It is necessary to mention that MIMIC-III contains clinical information of patients. Although the protected health information was de-identified, researchers who seek to use more clinical data should complete an on-line training course and then apply for the permission to download the complete MIMIC-III datasetFootnote 4.
The rest of this paper is organized as follows. Section 2 describes the proposed framework and details. The statistics and evaluation is reported in Sect. 3. Section 4 describes related work and finally, Sect. 5 concludes the paper and identifies topics for further work.
2 PDD Construction
We first follow the RDF model [4] and introduce the PDD definition.
PDD Definition: PDD is an RDF graph consisting of PDD facts, where a PDD fact is represented by an RDF triple to indicate that a patient takes a drug or a patient is diagnosed with a disease. For instance,
\(\langle \) pdd Footnote 5:274671, pdd:diagnosed, sepsis\(\rangle \).

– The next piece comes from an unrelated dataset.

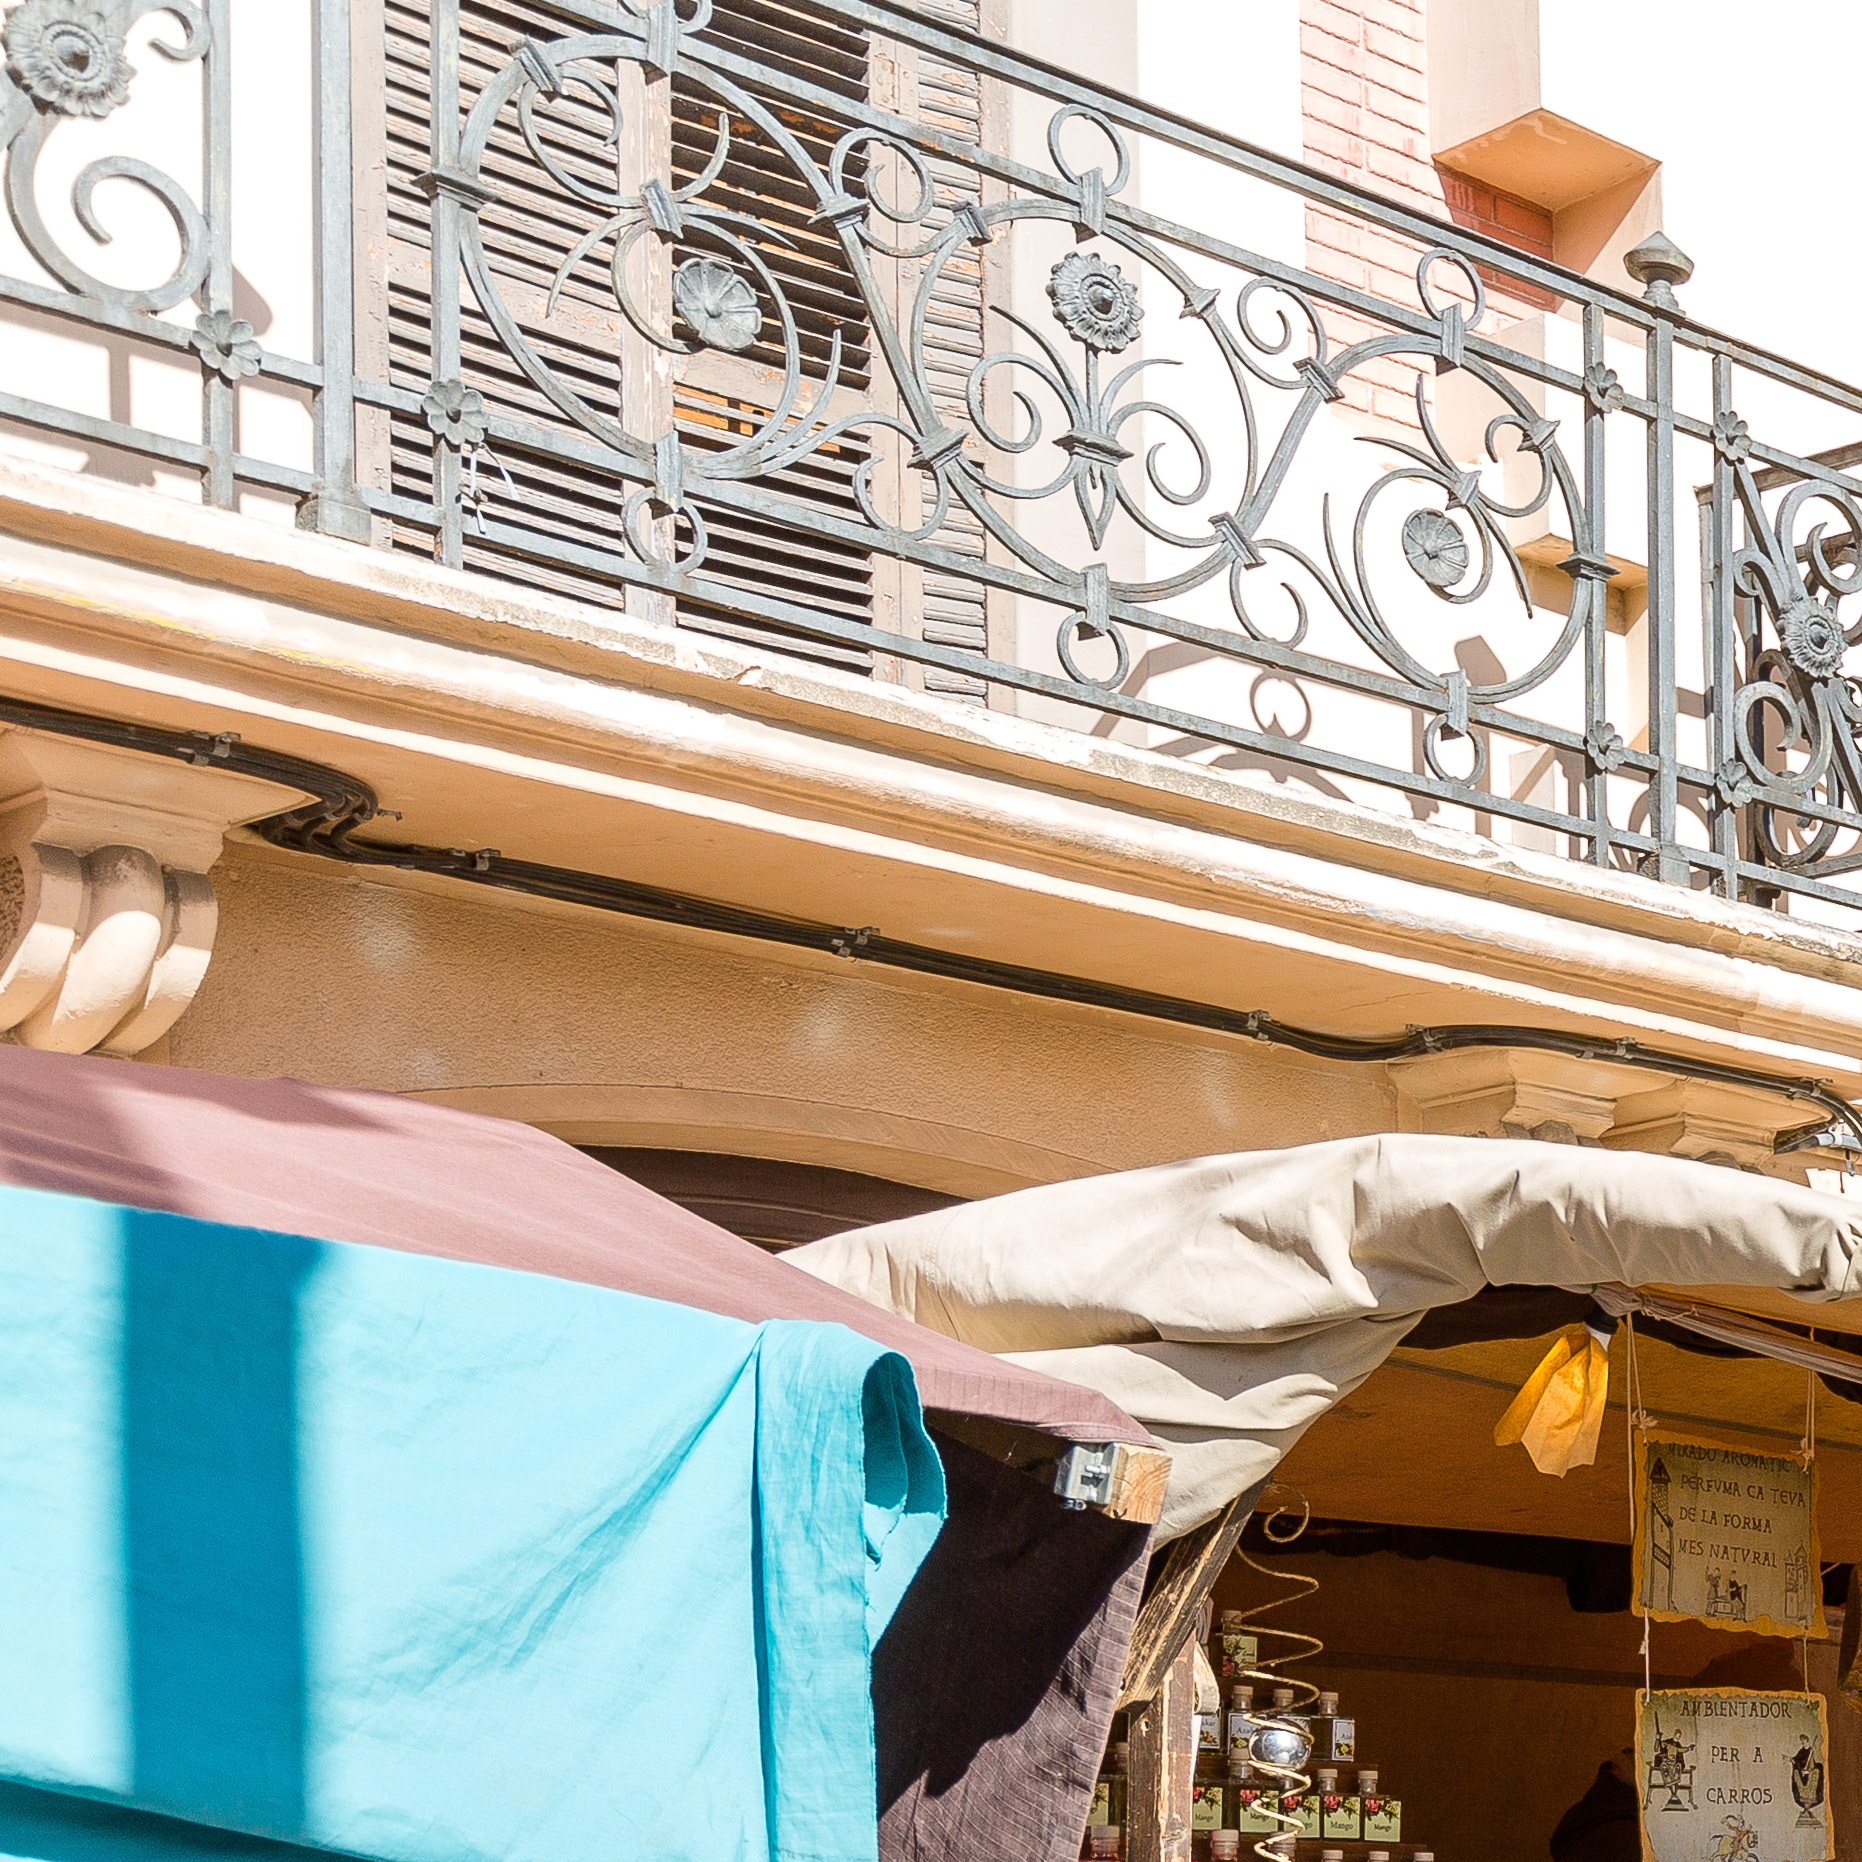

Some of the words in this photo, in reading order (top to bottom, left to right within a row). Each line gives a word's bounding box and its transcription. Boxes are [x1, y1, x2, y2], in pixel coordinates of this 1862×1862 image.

Figure 2 illustrates the general process of the PDD dataset generation, mainly includes two steps: PDD facts generation (described in Sect. 2.1), and linking PDD to biomedical KGs (described in Sect. 2.2).
2.1 PDD Facts Generation
According to the PDD definition, we need to extract three types of entities from MIMIC-III (patients, drugs, and diseases), and generate RDF triples of the prescription/diagnosis facts.
Patients IRI Creation: MIMIC-III contains 46,520 distinct patients, and each patient is attached with a unique ID. We add IRI prefix to each patient ID to form a patient entity in PDD.

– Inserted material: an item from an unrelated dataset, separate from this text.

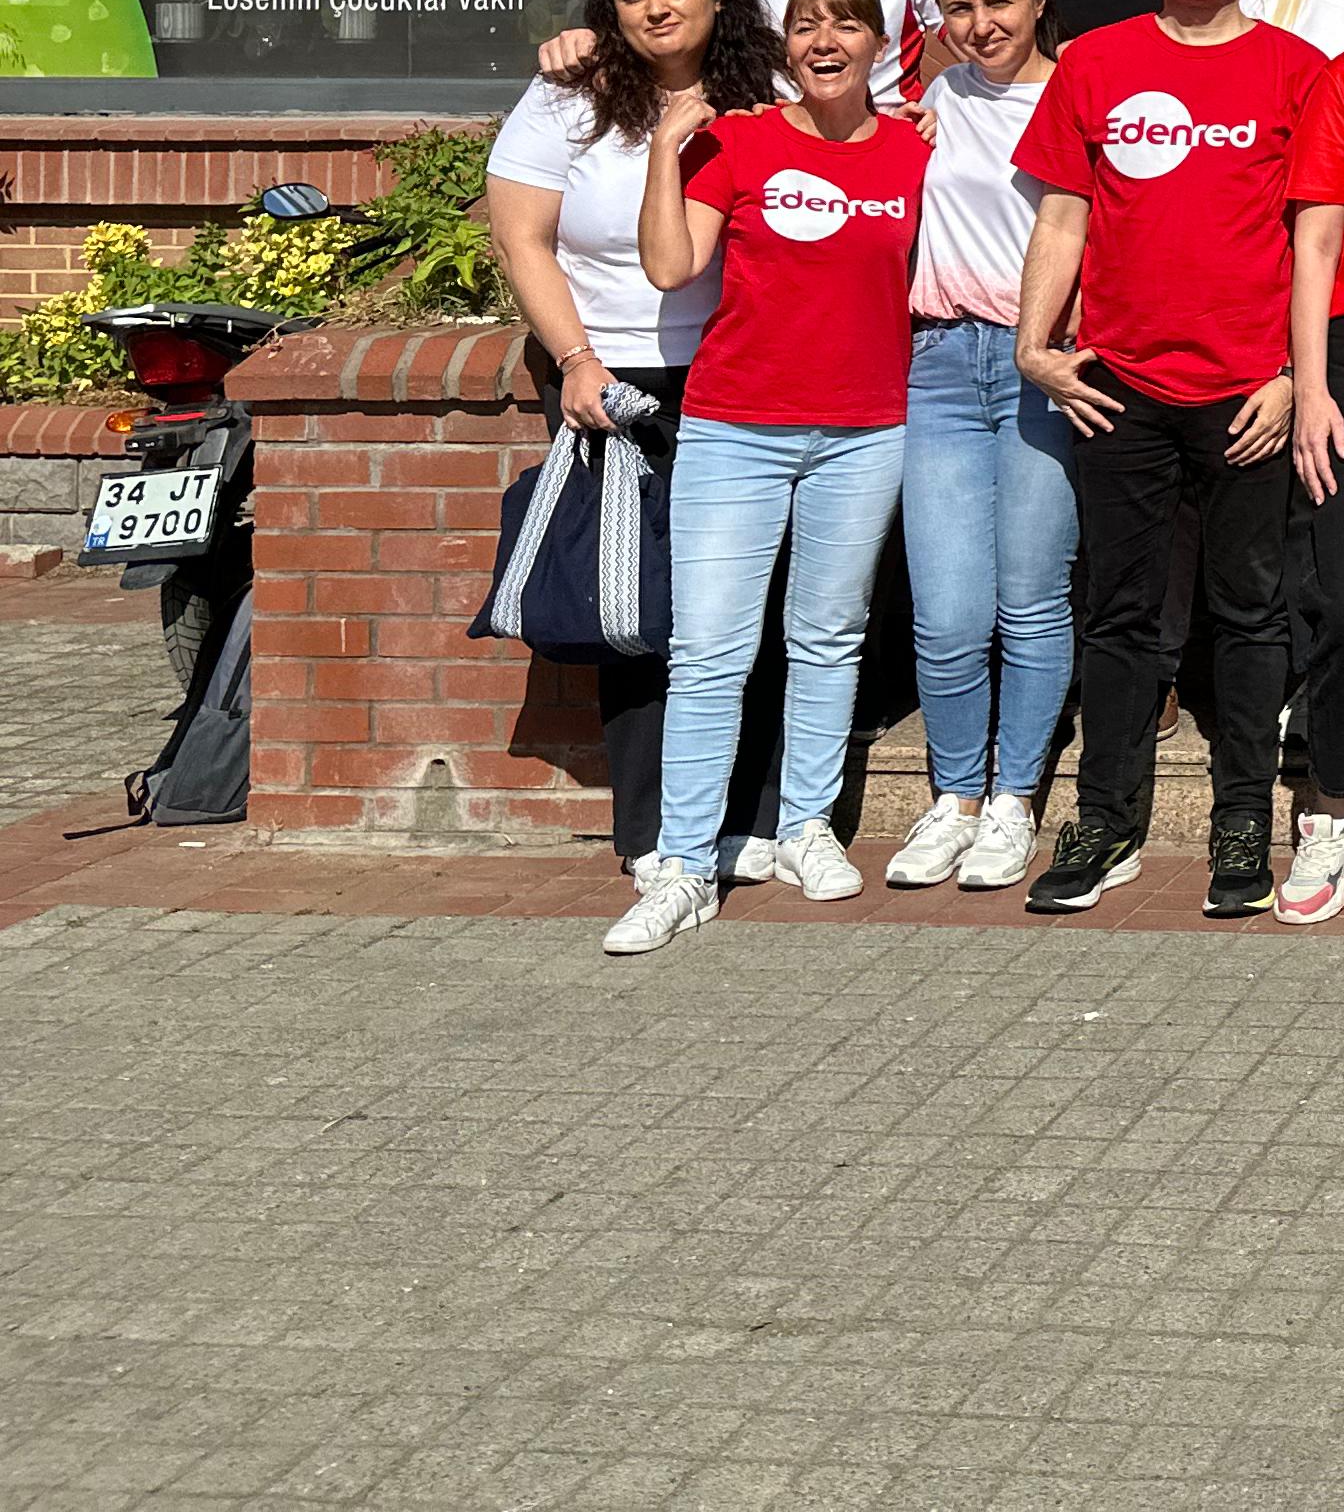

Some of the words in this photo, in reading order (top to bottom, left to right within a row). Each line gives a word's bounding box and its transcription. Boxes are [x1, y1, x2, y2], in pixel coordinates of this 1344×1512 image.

Prescription Triple Generation: In MIMIC-III, the prescriptions table contains all the prescribed drugs for the treatments of patients. Each prescription record contains the patient’s unique ID, the drug’s name, the duration, and the dosage. We extracted all distinct drug names as the drug entities in PDD. Then we added a prescription triple in to PDD. An example is
\(\langle \) pdd:18740, pdd:prescribed, aspirin\(\rangle \),
where pdd:18740 is a patient entity, and aspirin is the drug’s name.
Diagnosis Triple Generation: MIMIC-III provides a diagnosed table that contains ICD-9 diagnosis codes for patients. There is an average of 13.9 ICD-9 codes per patient, but with a highly skewed distribution, as shown in Fig. 3. Beyond that, each patient has a set of clinical notes. These notes contain the diagnosis information. We use the named entity recognition (NER) tool C-TAKES [12] to extract diseases from clinical notes. C-TAKES is the most commonly used NER tool in the clinical domain. Then we use the model [15] (our previous work) to assign ICD-9 codes for extracted diseases. We extracted all ICD-9 diagnosis codes as the disease entities in PDD. Then we added a diagnosis triple into PDD. An example is
\(\langle \) pdd:18740, pdd:diagnosed, icd99592\(\rangle \),
where pdd:18740 is a patient entity, and icd99592 is the ICD-9 code of sepsis.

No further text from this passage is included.